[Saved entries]
-- Opening Marker --
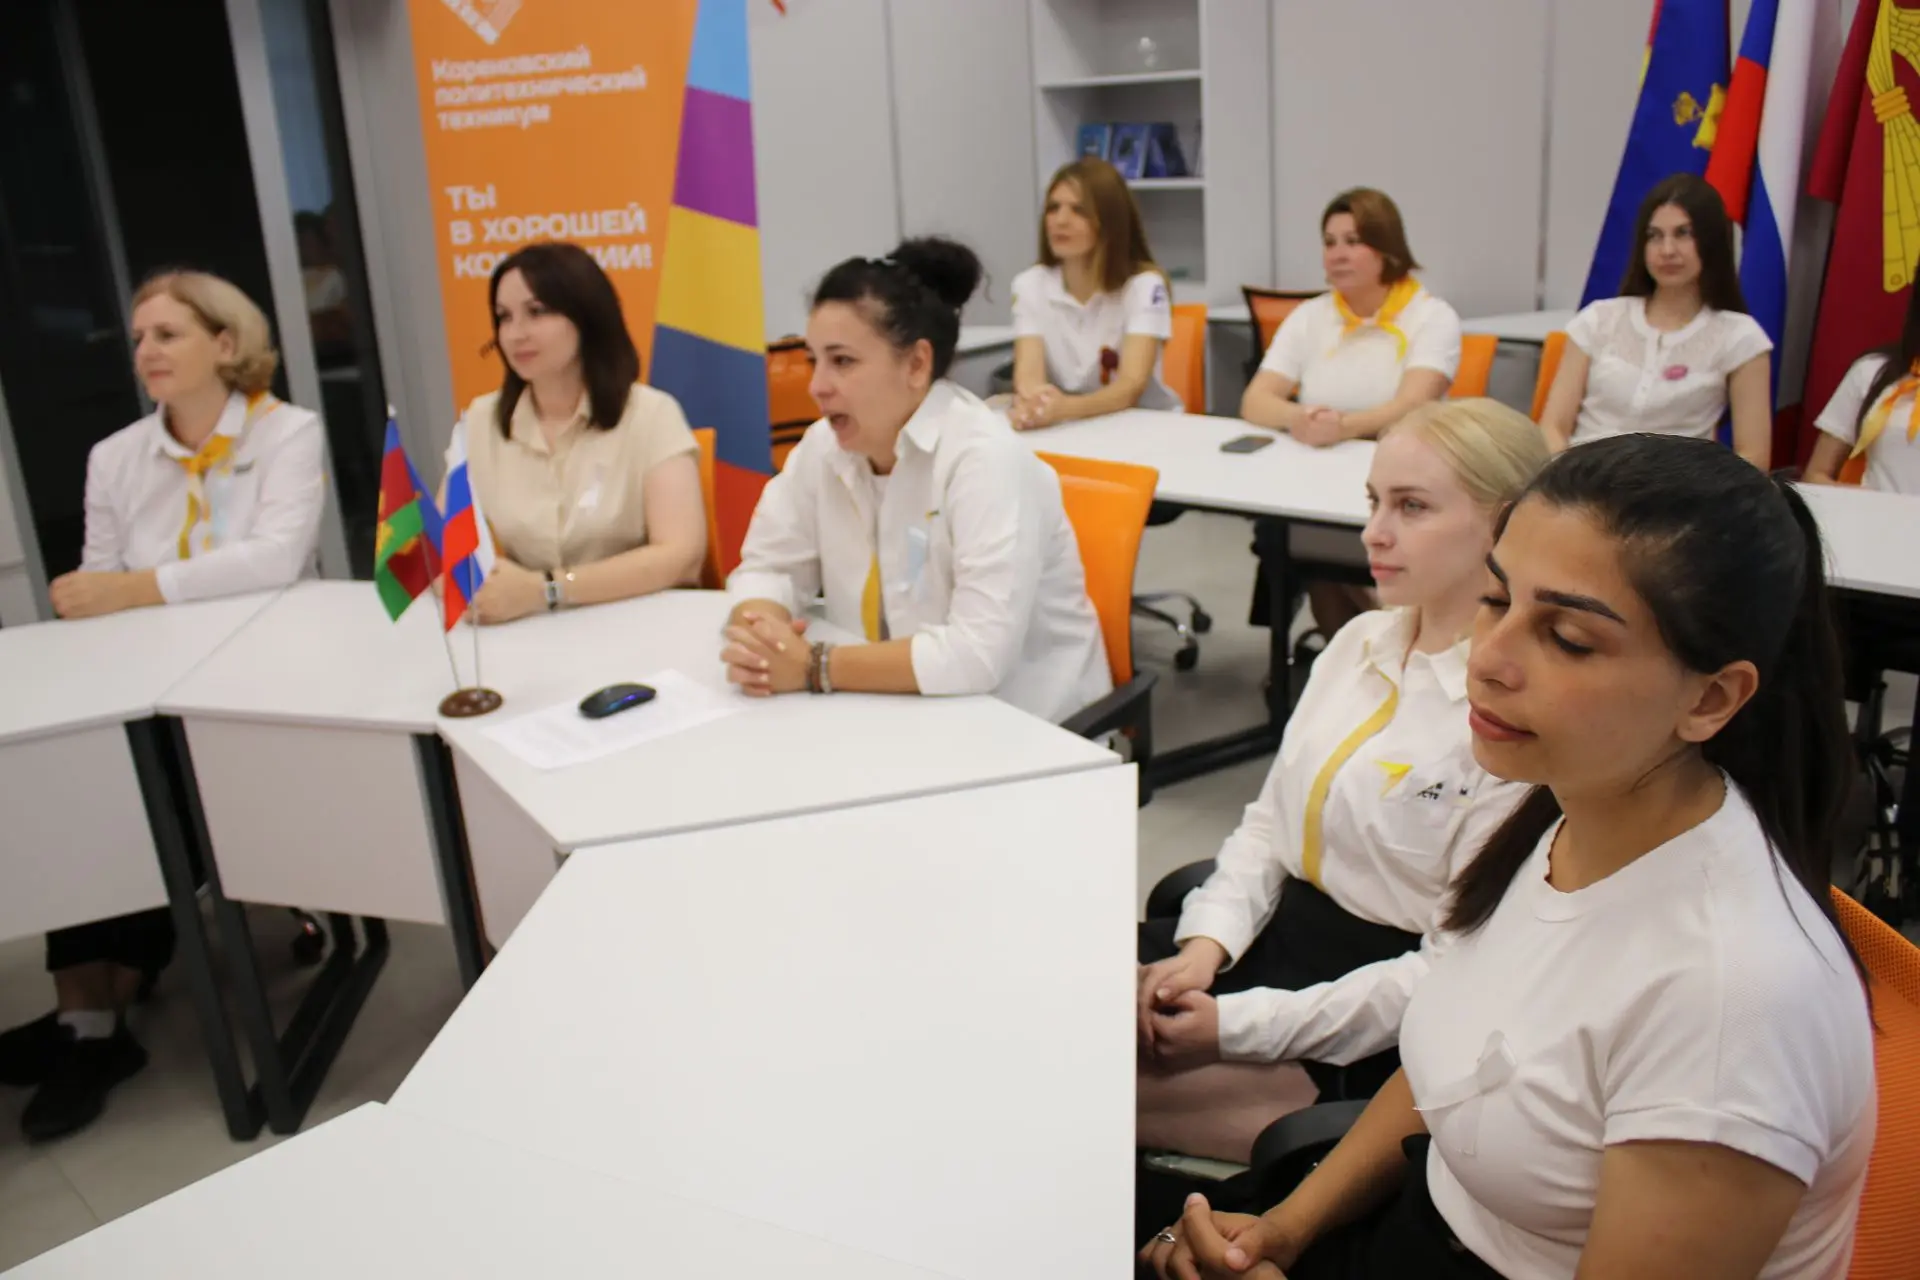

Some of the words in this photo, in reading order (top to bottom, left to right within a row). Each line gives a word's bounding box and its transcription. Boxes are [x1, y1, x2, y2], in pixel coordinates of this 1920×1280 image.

[435, 64, 647, 106] политехнический
[437, 104, 550, 129] техникум
[445, 183, 497, 212] ТЫ
[450, 220, 474, 245] В
[481, 202, 647, 244] ХОРОШЕЙ
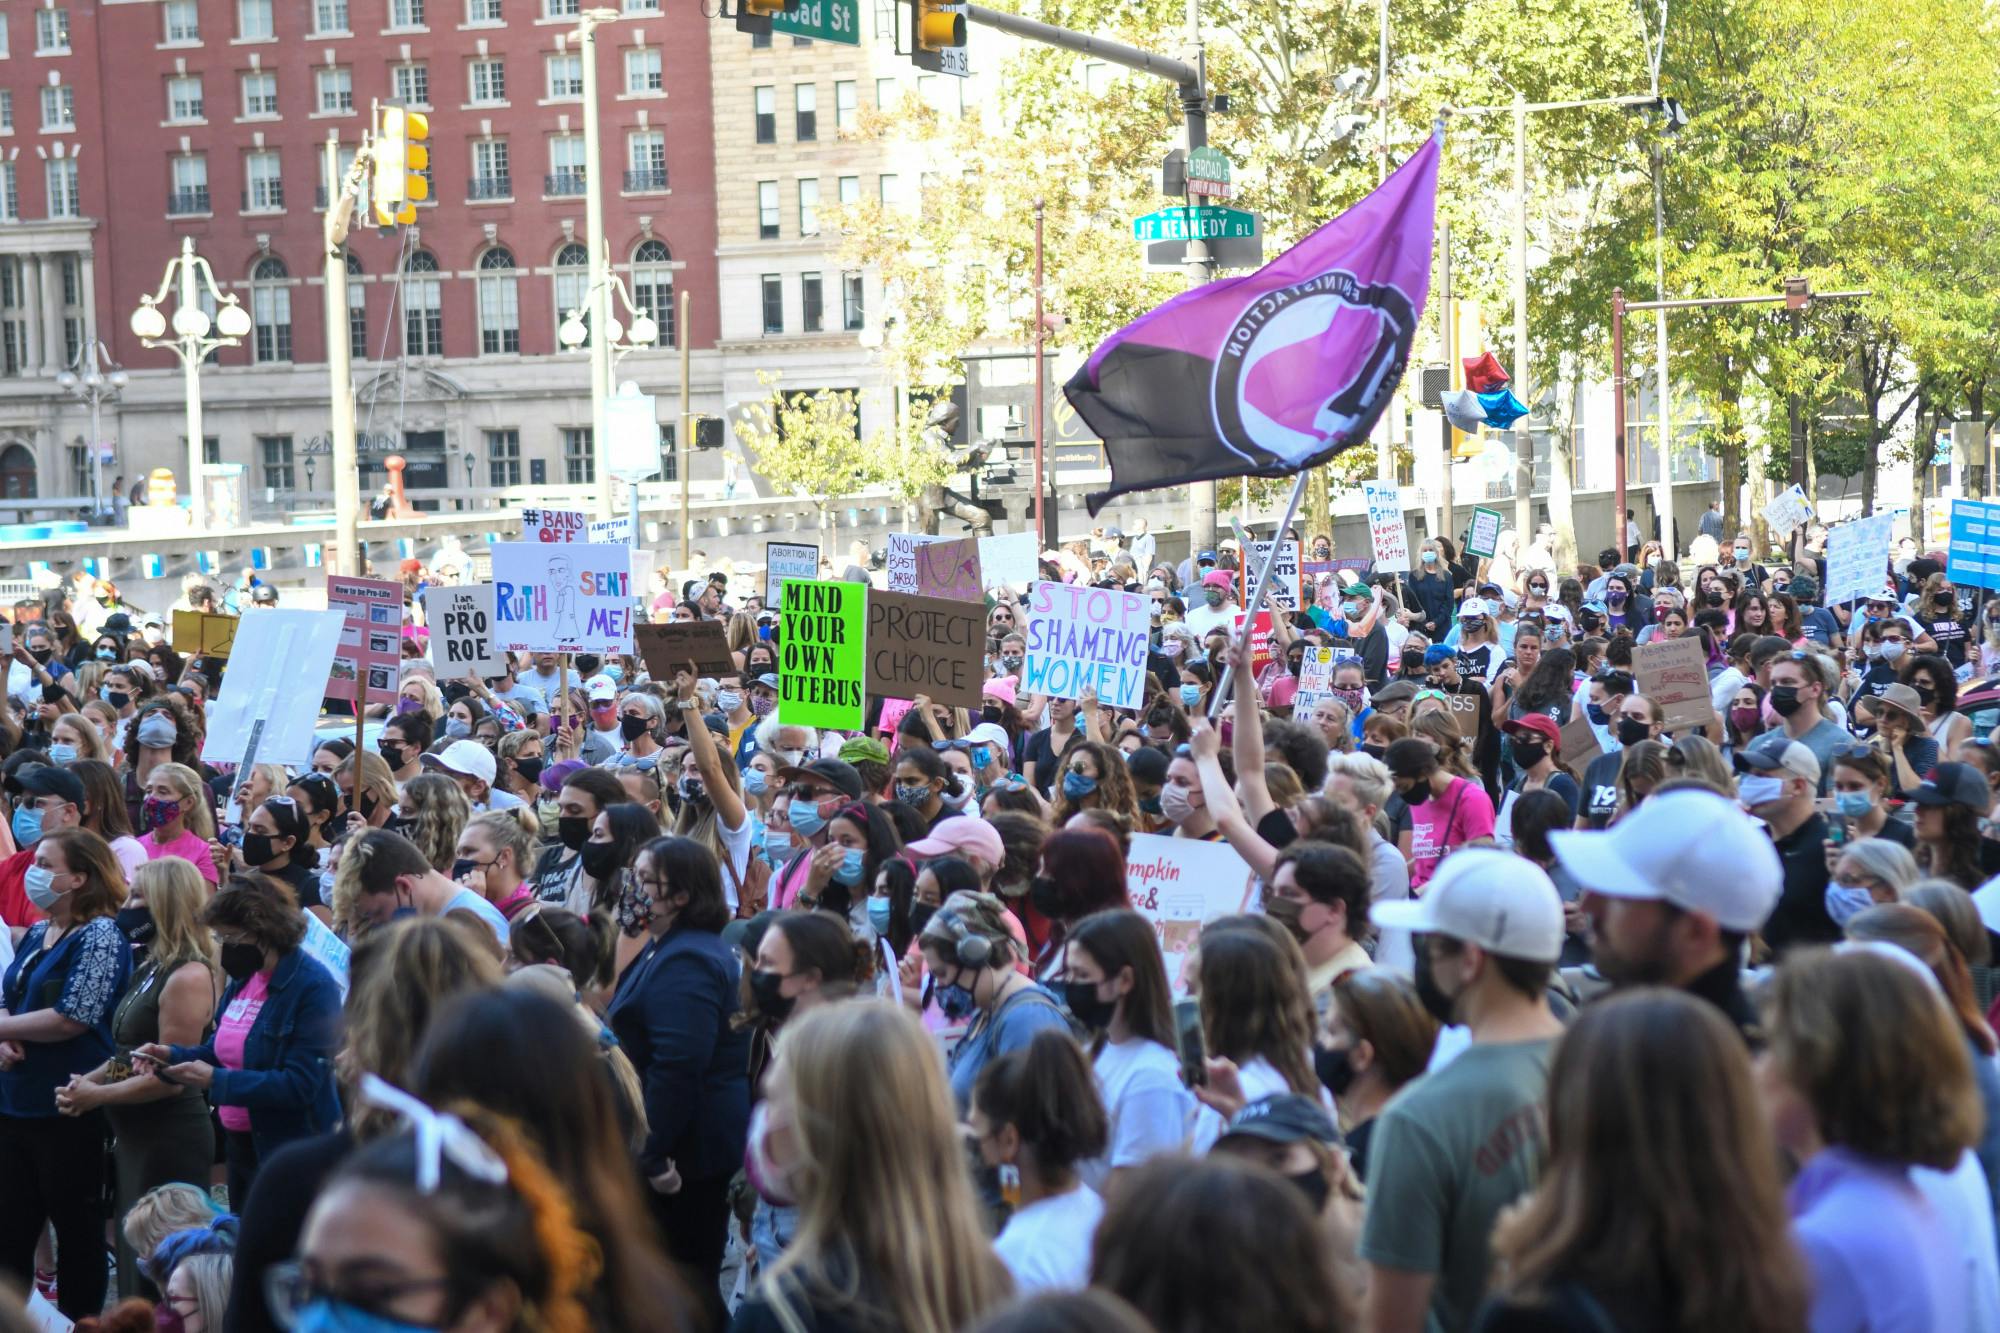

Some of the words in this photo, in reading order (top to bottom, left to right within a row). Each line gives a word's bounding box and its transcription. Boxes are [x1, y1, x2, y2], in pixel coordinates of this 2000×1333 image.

[831, 3, 851, 33] St
[959, 53, 969, 72] St
[1195, 158, 1222, 179] BROAD
[1137, 221, 1155, 240] JF
[1161, 218, 1228, 239] KENNEDY
[1236, 223, 1251, 236] BL
[771, 547, 807, 559] ABORTION
[808, 551, 816, 561] IS
[579, 570, 628, 597] SENT
[786, 583, 843, 614] MIND
[1033, 582, 1143, 630] STOP
[443, 610, 488, 636] PRO
[586, 606, 630, 638] ME!
[784, 613, 846, 645] YOUR
[869, 602, 979, 648] PROTECT
[446, 637, 492, 662] ROE
[1027, 618, 1148, 667] SHAMING
[1305, 647, 1317, 663] AS
[784, 642, 836, 675] OWN
[874, 649, 967, 690] CHOICE
[782, 673, 862, 708] UTERUS
[1027, 654, 1140, 706] WOMEN
[1299, 676, 1321, 691] HAVE
[1592, 784, 1617, 806] 19
-- Closing Marker --
__Activity__: Set down the records again verbatim, with no pictures.

__Exercise solution__:
Some of the words in this photo, in reading order (top to bottom, left to right within a row). Each line gives a word's bounding box and its transcription. Boxes are [x1, y1, x2, y2], in pixel coordinates of this 1920×1280 image.

[435, 64, 647, 106] политехнический
[437, 104, 550, 129] техникум
[445, 183, 497, 212] ТЫ
[450, 220, 474, 245] В
[481, 202, 647, 244] ХОРОШЕЙ

Some of the words in this photo, in reading order (top to bottom, left to right within a row). Each line gives a word's bounding box and its transcription. Boxes are [x1, y1, x2, y2], in pixel coordinates of this 2000×1333 image.

[831, 3, 851, 33] St
[959, 53, 969, 72] St
[1195, 158, 1222, 179] BROAD
[1137, 221, 1155, 240] JF
[1161, 218, 1228, 239] KENNEDY
[1236, 223, 1251, 236] BL
[771, 547, 807, 559] ABORTION
[808, 551, 816, 561] IS
[579, 570, 628, 597] SENT
[786, 583, 843, 614] MIND
[1033, 582, 1143, 630] STOP
[443, 610, 488, 636] PRO
[586, 606, 630, 638] ME!
[784, 613, 846, 645] YOUR
[869, 602, 979, 648] PROTECT
[446, 637, 492, 662] ROE
[1027, 618, 1148, 667] SHAMING
[1305, 647, 1317, 663] AS
[784, 642, 836, 675] OWN
[874, 649, 967, 690] CHOICE
[782, 673, 862, 708] UTERUS
[1027, 654, 1140, 706] WOMEN
[1299, 676, 1321, 691] HAVE
[1592, 784, 1617, 806] 19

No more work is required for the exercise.